**Description of the task:**
For every line below, restate it exactly and drop the images.

**Data extract:**
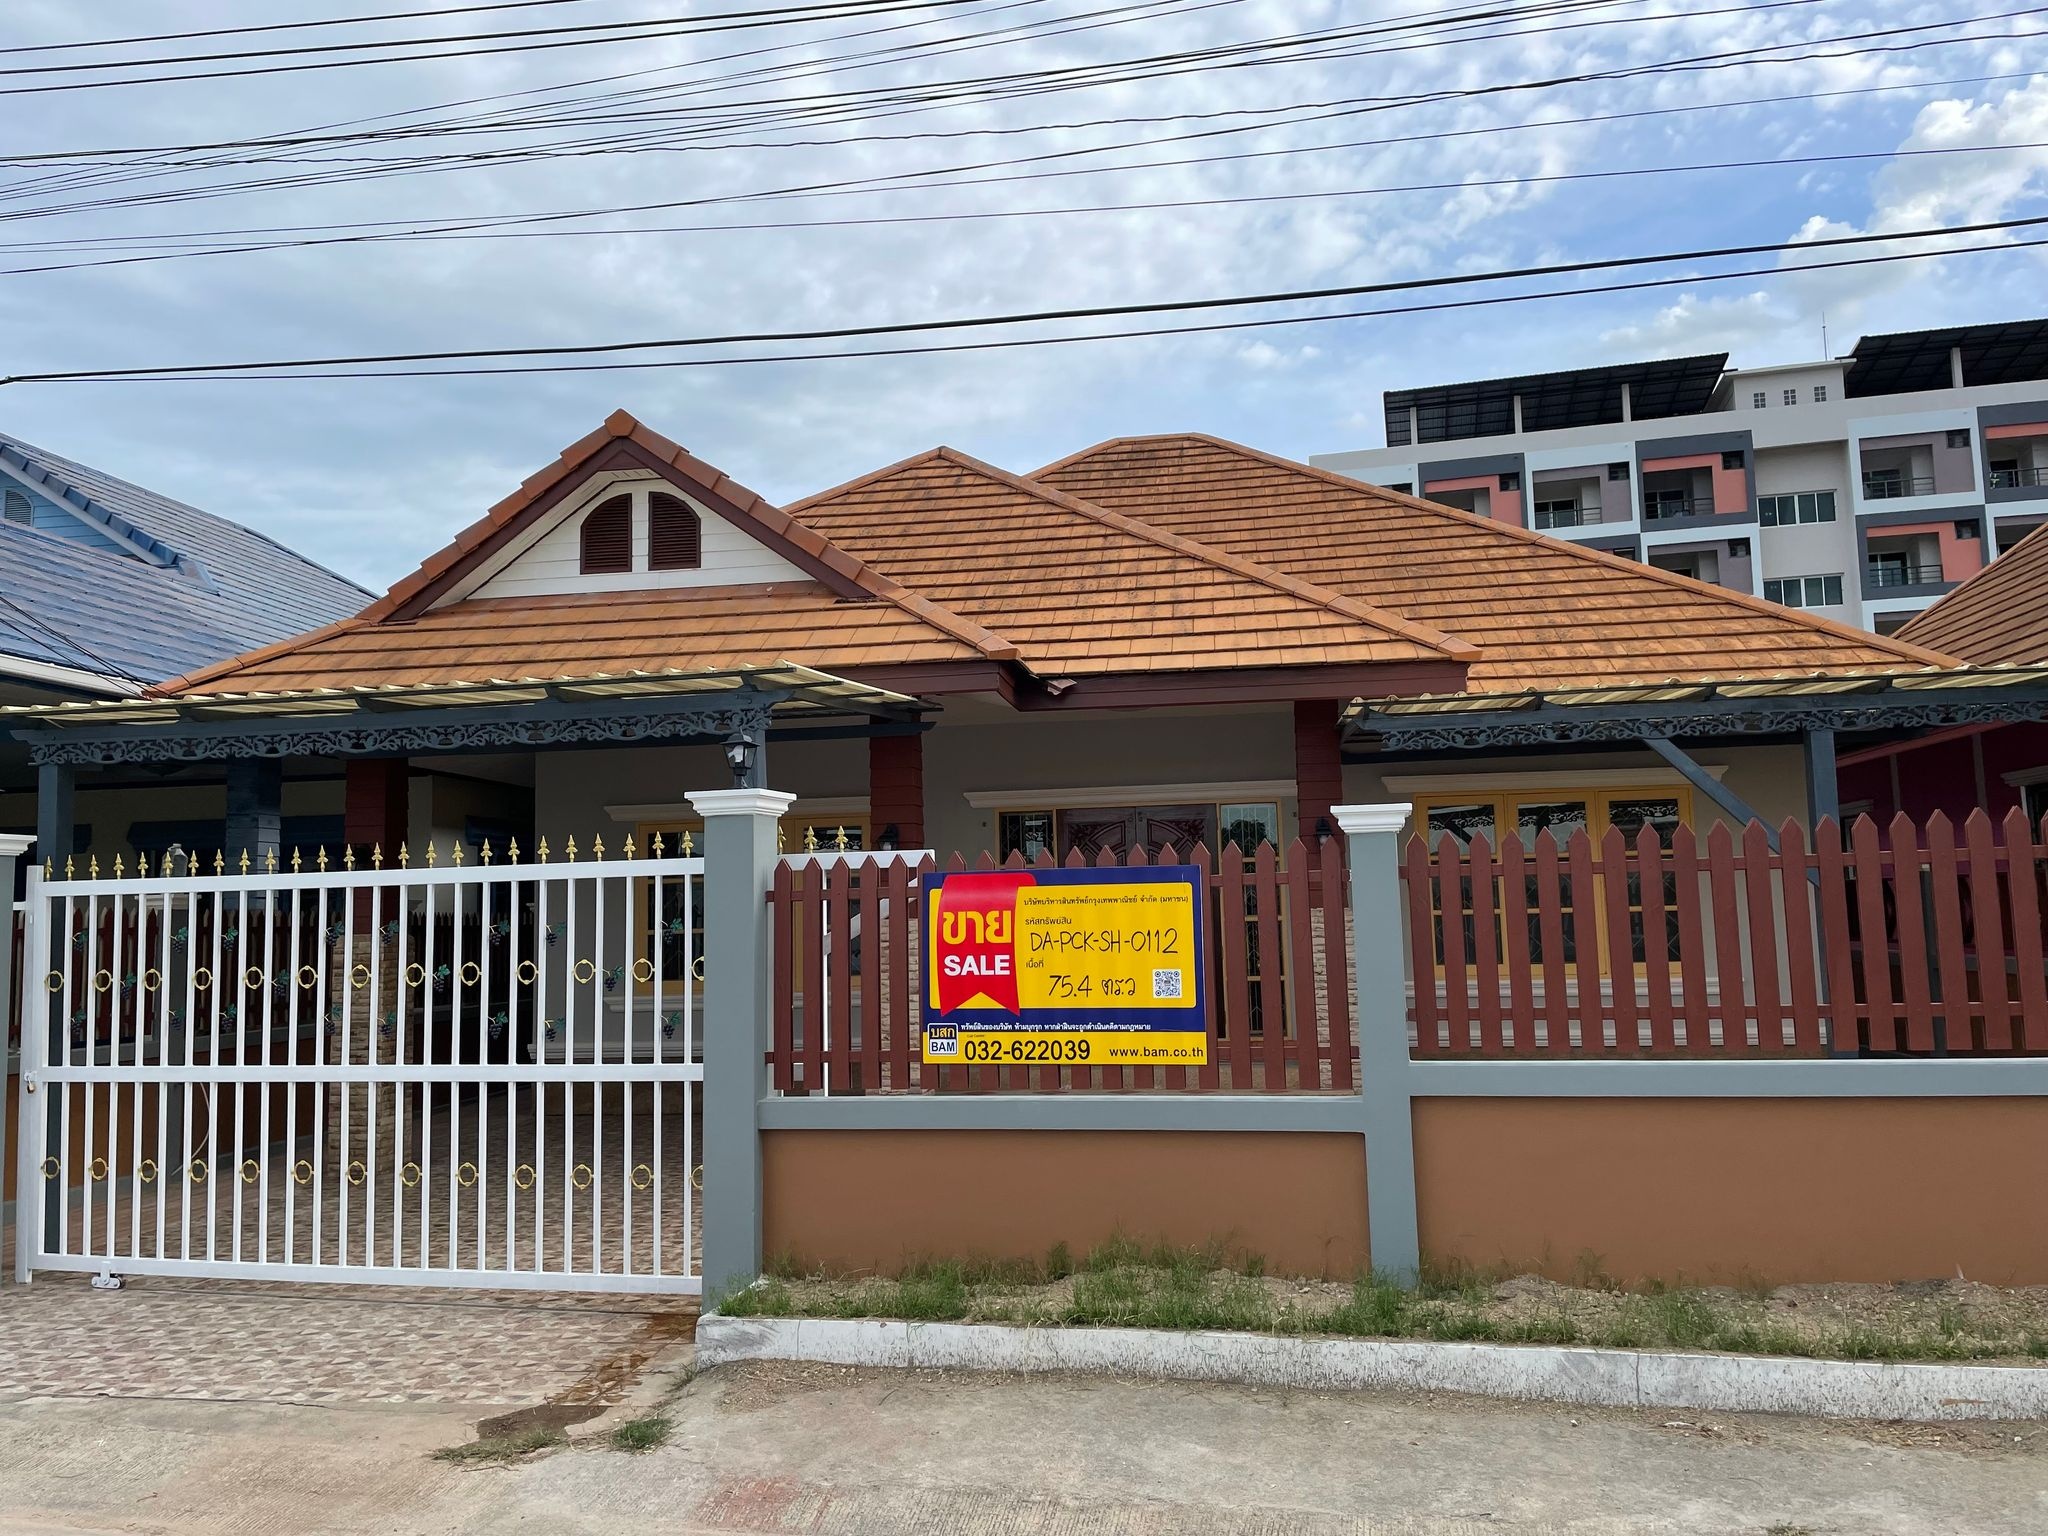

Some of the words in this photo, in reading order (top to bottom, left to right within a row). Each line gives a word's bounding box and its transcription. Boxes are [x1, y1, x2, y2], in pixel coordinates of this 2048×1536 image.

[1160, 896, 1189, 904] (มหาชน)
[1025, 916, 1072, 926] รหัสทรัพย์สิน
[942, 910, 1012, 945] ขาย
[1030, 928, 1178, 953] DA-PCK-SH-0112
[944, 954, 1011, 976] SALE
[1025, 958, 1044, 968] เนื้อที่
[1048, 975, 1092, 997] 75.4
[931, 1027, 955, 1038] บสก
[931, 1041, 955, 1052] BAM
[964, 1039, 1090, 1061] 032-622039
[1109, 1047, 1203, 1057] www.bam.co.th
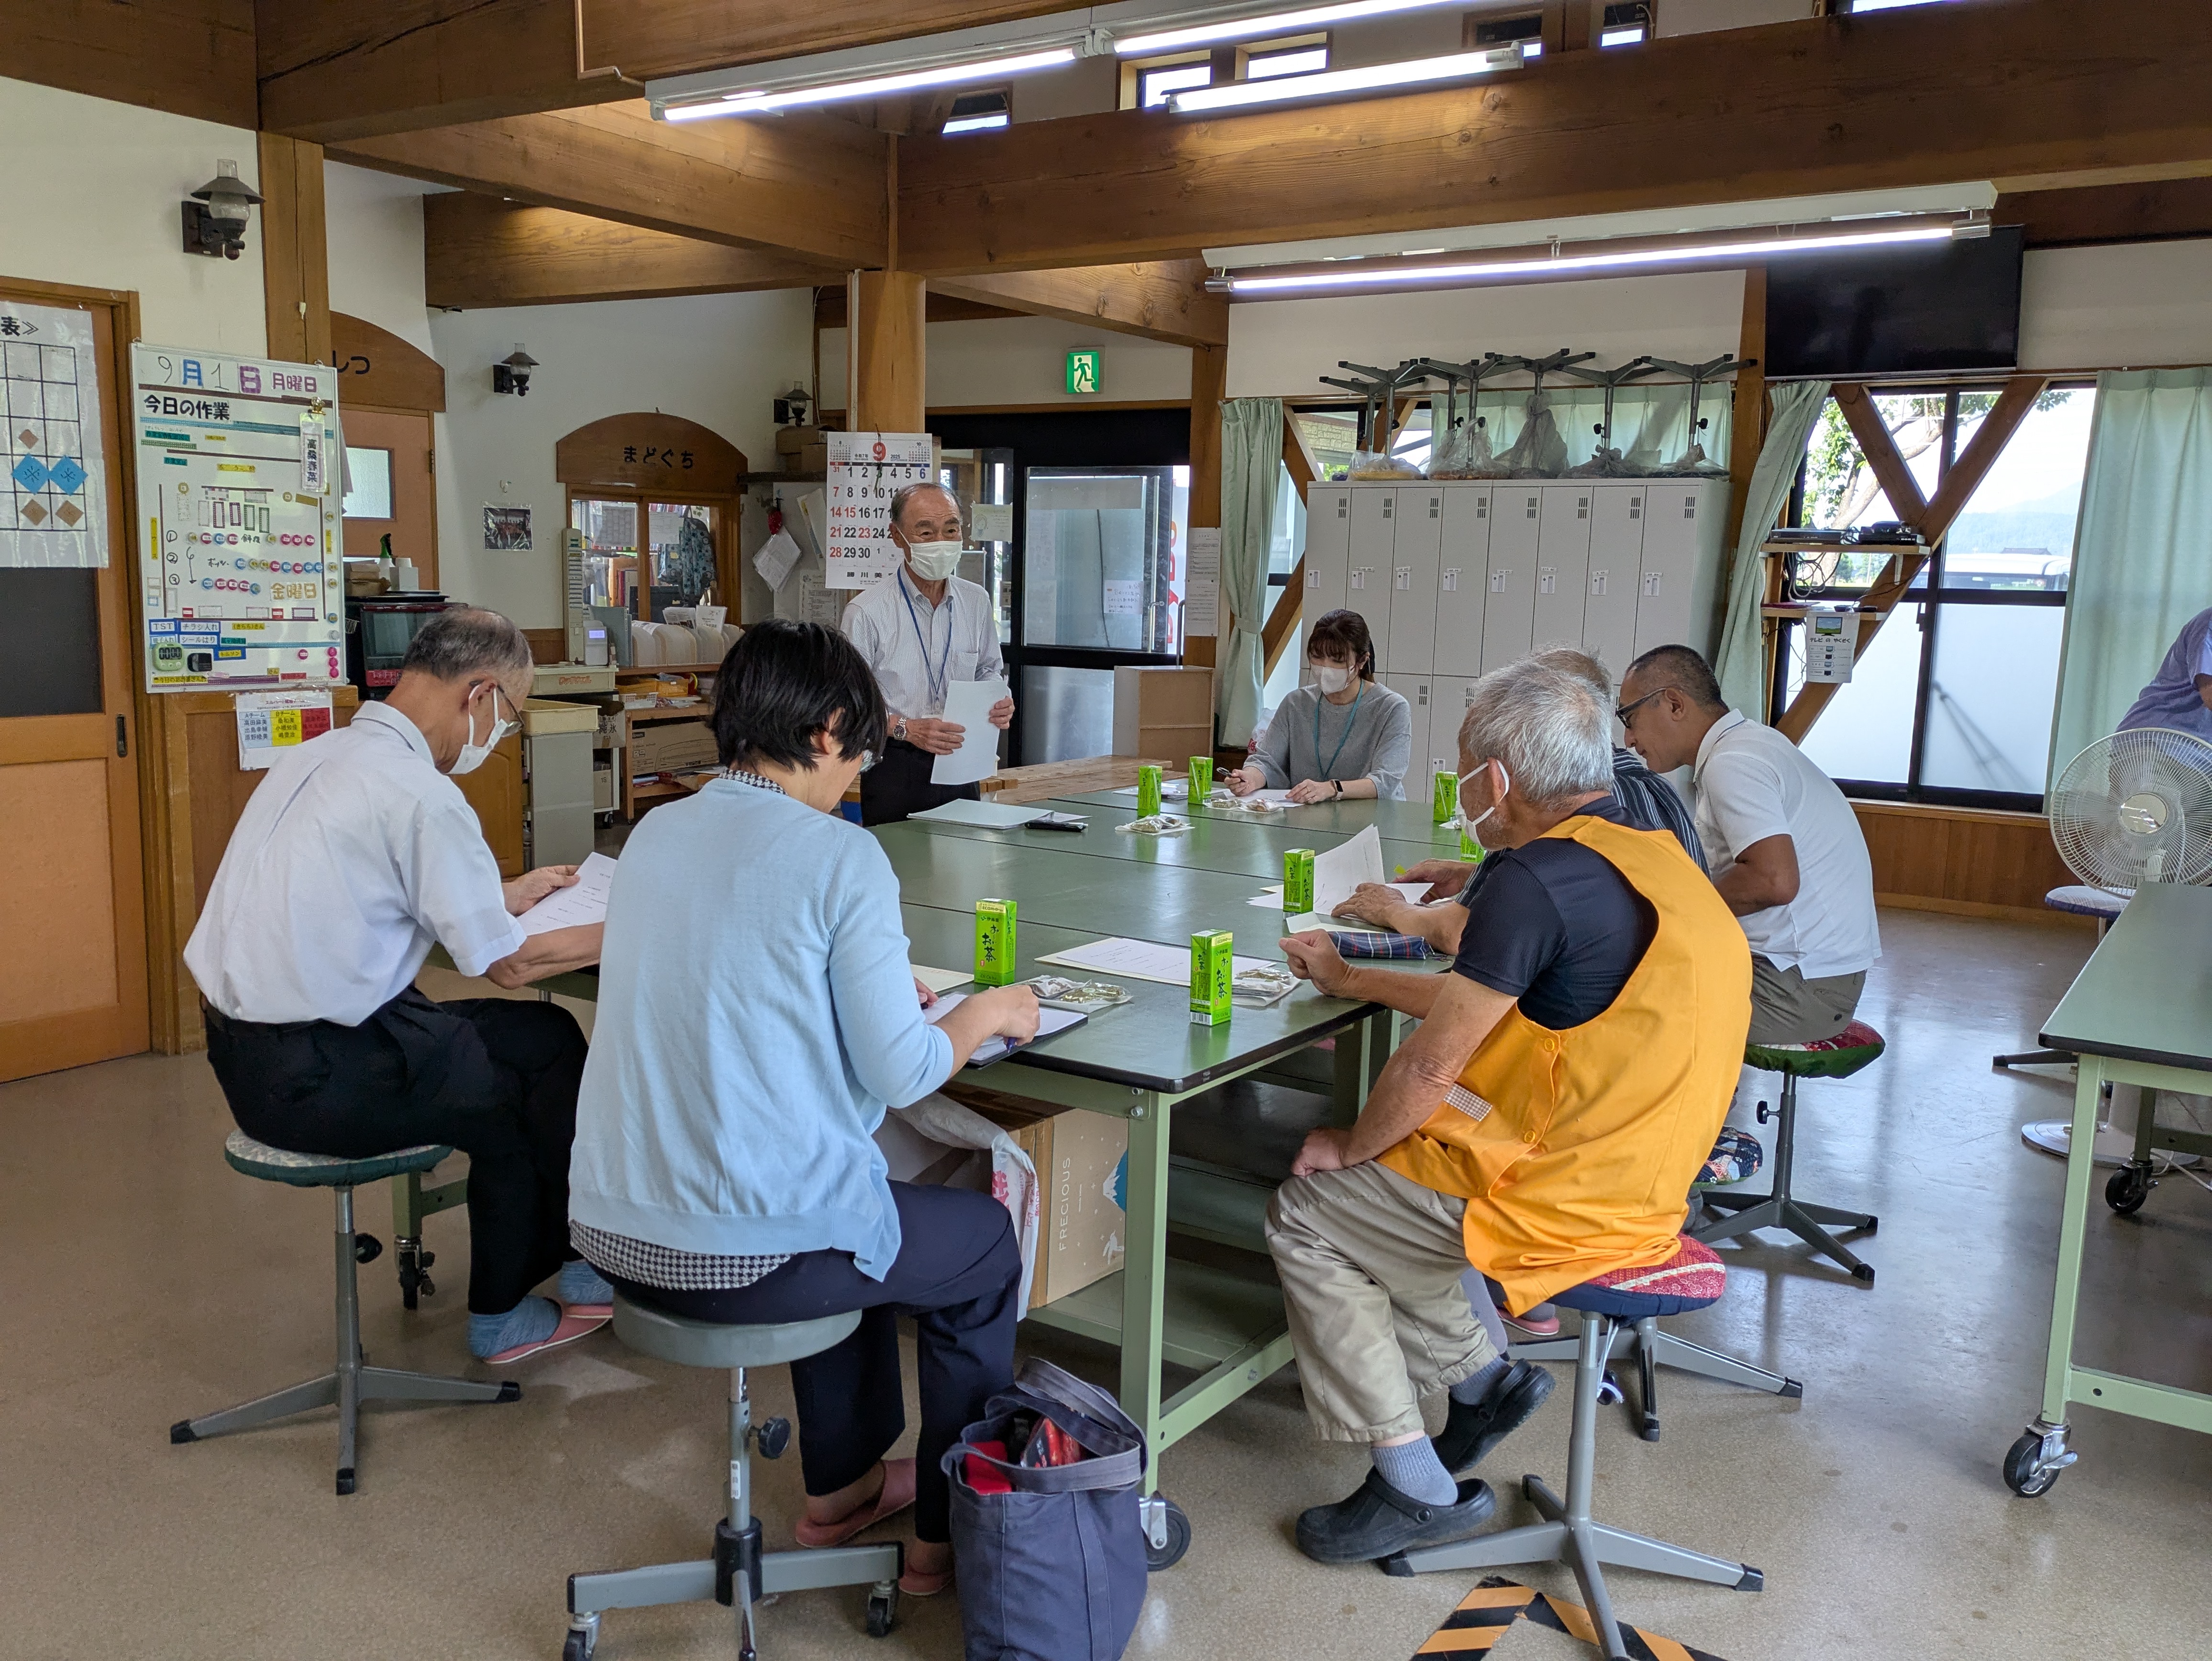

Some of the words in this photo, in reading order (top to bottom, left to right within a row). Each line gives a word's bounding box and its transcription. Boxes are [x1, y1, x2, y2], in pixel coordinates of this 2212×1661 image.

[272, 372, 317, 392] 月曜日
[144, 394, 230, 420] 今日の作業
[624, 446, 694, 469] まどぐち
[873, 442, 886, 462] 9
[848, 467, 852, 477] 1
[862, 467, 868, 478] 2
[890, 468, 897, 478] 4
[905, 468, 911, 478] 5
[920, 468, 926, 479] 6
[833, 487, 839, 498] 7
[847, 487, 853, 498] 8
[861, 487, 868, 498] 9
[874, 487, 885, 498] 10
[830, 507, 842, 518] 14
[844, 507, 856, 518] 15
[859, 507, 870, 518] 16
[873, 508, 885, 519] 17
[830, 526, 841, 538] 21
[844, 527, 856, 538] 22
[858, 527, 871, 539] 23
[873, 528, 885, 539] 24
[830, 547, 842, 557] 28
[844, 547, 856, 558] 29
[858, 547, 870, 558] 30
[271, 582, 317, 600] 金曜日
[1059, 1156, 1071, 1251] FRECIOUS
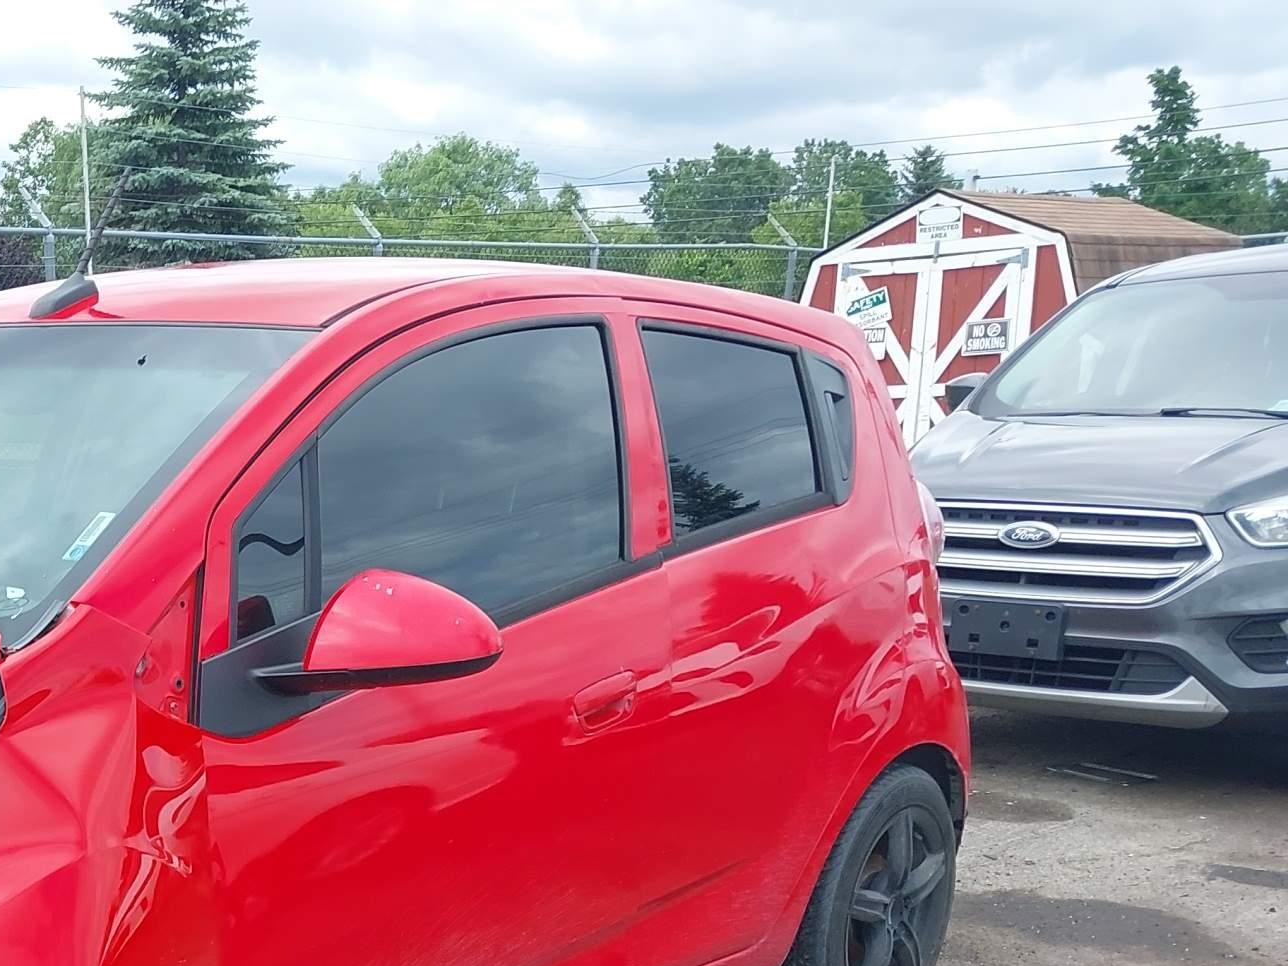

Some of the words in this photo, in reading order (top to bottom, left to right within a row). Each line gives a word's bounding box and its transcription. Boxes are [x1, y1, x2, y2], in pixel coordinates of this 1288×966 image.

[919, 223, 960, 233] RESTRICTED
[973, 324, 985, 338] NO
[967, 335, 1006, 351] SMOKING
[1011, 527, 1044, 541] Ford

**Response below:**
Some of the words in this photo, in reading order (top to bottom, left to right within a row). Each line gives a word's bounding box and its transcription. Boxes are [x1, y1, x2, y2], in pixel coordinates of this 2048×1536 image.

[1160, 896, 1189, 904] (มหาชน)
[1025, 916, 1072, 926] รหัสทรัพย์สิน
[942, 910, 1012, 945] ขาย
[1030, 928, 1178, 953] DA-PCK-SH-0112
[944, 954, 1011, 976] SALE
[1025, 958, 1044, 968] เนื้อที่
[1048, 975, 1092, 997] 75.4
[931, 1027, 955, 1038] บสก
[931, 1041, 955, 1052] BAM
[964, 1039, 1090, 1061] 032-622039
[1109, 1047, 1203, 1057] www.bam.co.th

Some of the words in this photo, in reading order (top to bottom, left to right within a row). Each line gives a word's bounding box and its transcription. Boxes are [x1, y1, x2, y2], in pixel coordinates of this 2212×1661 image.

[272, 372, 317, 392] 月曜日
[144, 394, 230, 420] 今日の作業
[624, 446, 694, 469] まどぐち
[873, 442, 886, 462] 9
[848, 467, 852, 477] 1
[862, 467, 868, 478] 2
[890, 468, 897, 478] 4
[905, 468, 911, 478] 5
[920, 468, 926, 479] 6
[833, 487, 839, 498] 7
[847, 487, 853, 498] 8
[861, 487, 868, 498] 9
[874, 487, 885, 498] 10
[830, 507, 842, 518] 14
[844, 507, 856, 518] 15
[859, 507, 870, 518] 16
[873, 508, 885, 519] 17
[830, 526, 841, 538] 21
[844, 527, 856, 538] 22
[858, 527, 871, 539] 23
[873, 528, 885, 539] 24
[830, 547, 842, 557] 28
[844, 547, 856, 558] 29
[858, 547, 870, 558] 30
[271, 582, 317, 600] 金曜日
[1059, 1156, 1071, 1251] FRECIOUS

Some of the words in this photo, in reading order (top to bottom, left to right within a row). Each line gives a word's bounding box and its transcription. Boxes are [x1, y1, x2, y2], in pixel coordinates of this 1288×966 image.

[919, 223, 960, 233] RESTRICTED
[973, 324, 985, 338] NO
[967, 335, 1006, 351] SMOKING
[1011, 527, 1044, 541] Ford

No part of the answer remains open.